- **What to produce**
Repeat every record exactly, but omit the images.

Spatial localization data

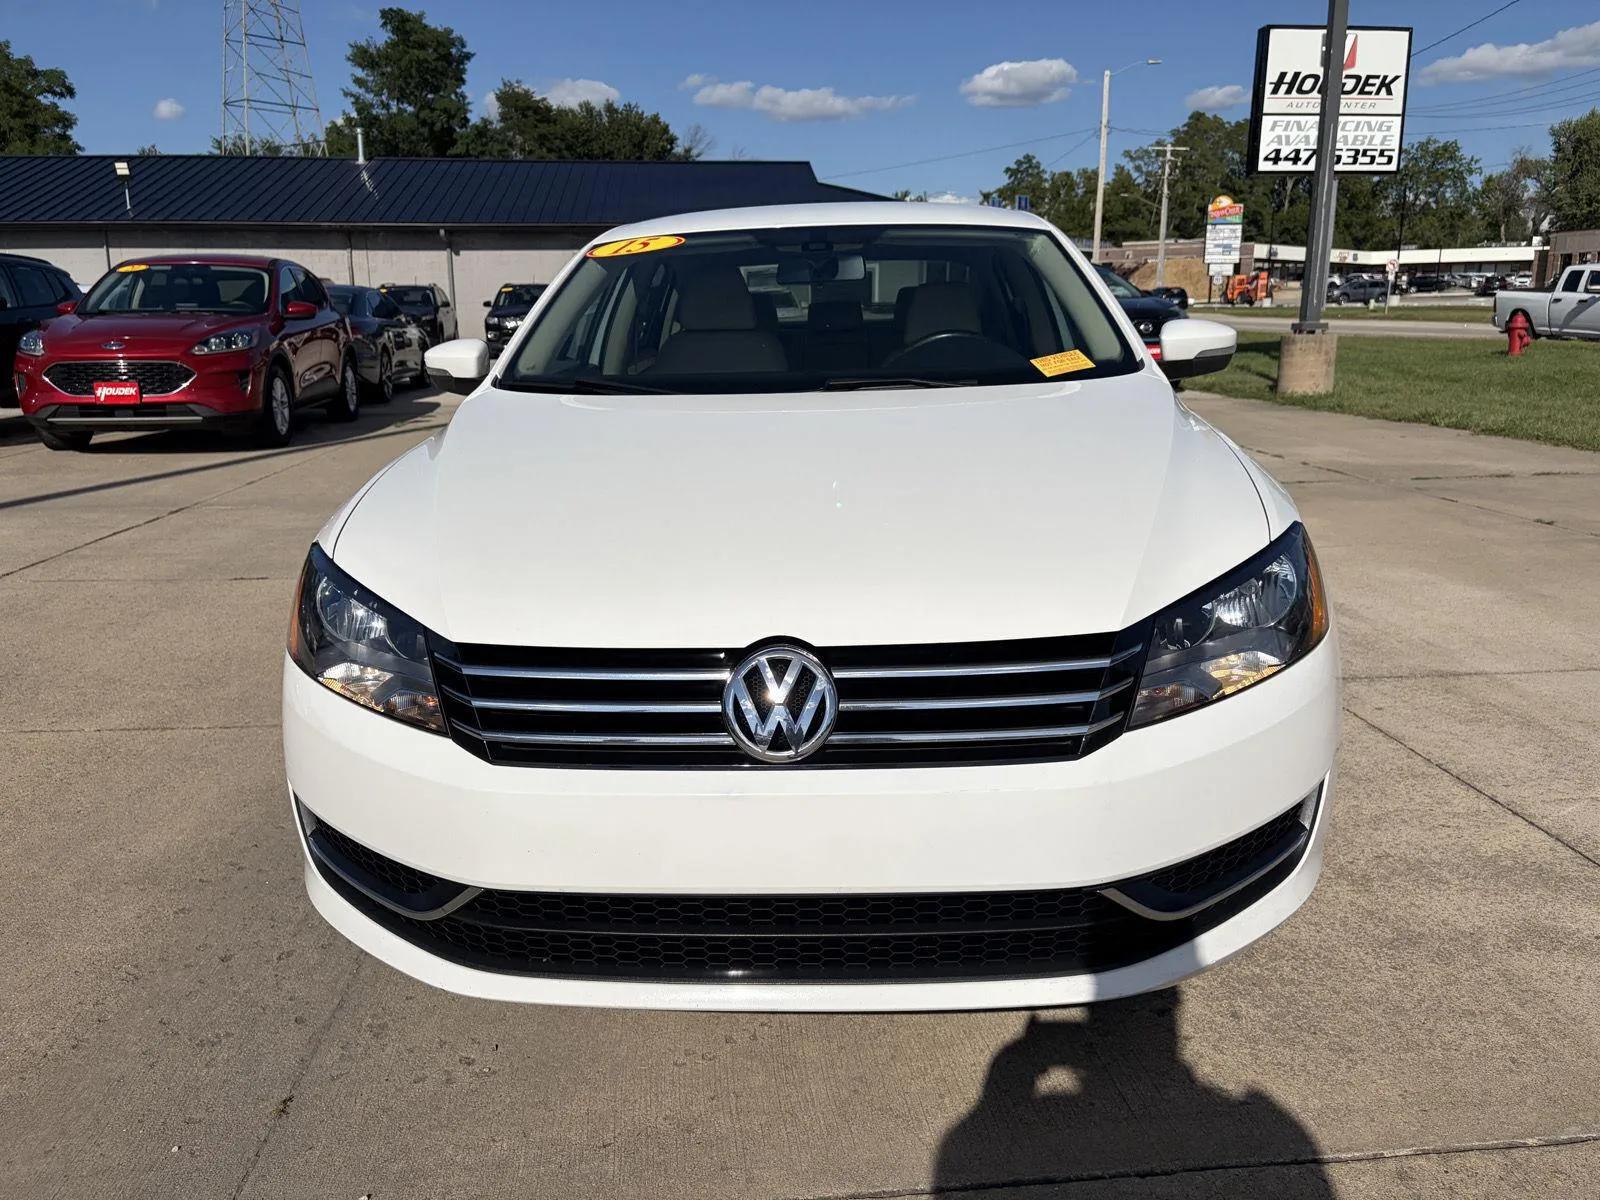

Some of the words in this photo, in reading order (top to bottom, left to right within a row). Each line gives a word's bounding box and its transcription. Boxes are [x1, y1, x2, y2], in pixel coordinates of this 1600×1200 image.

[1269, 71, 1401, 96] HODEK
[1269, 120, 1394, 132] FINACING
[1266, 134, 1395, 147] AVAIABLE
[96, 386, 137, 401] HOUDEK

- **Answer**
Some of the words in this photo, in reading order (top to bottom, left to right within a row). Each line gives a word's bounding box and its transcription. Boxes are [x1, y1, x2, y2], in pixel coordinates of this 1600×1200 image.

[1269, 71, 1401, 96] HODEK
[1269, 120, 1394, 132] FINACING
[1266, 134, 1395, 147] AVAIABLE
[96, 386, 137, 401] HOUDEK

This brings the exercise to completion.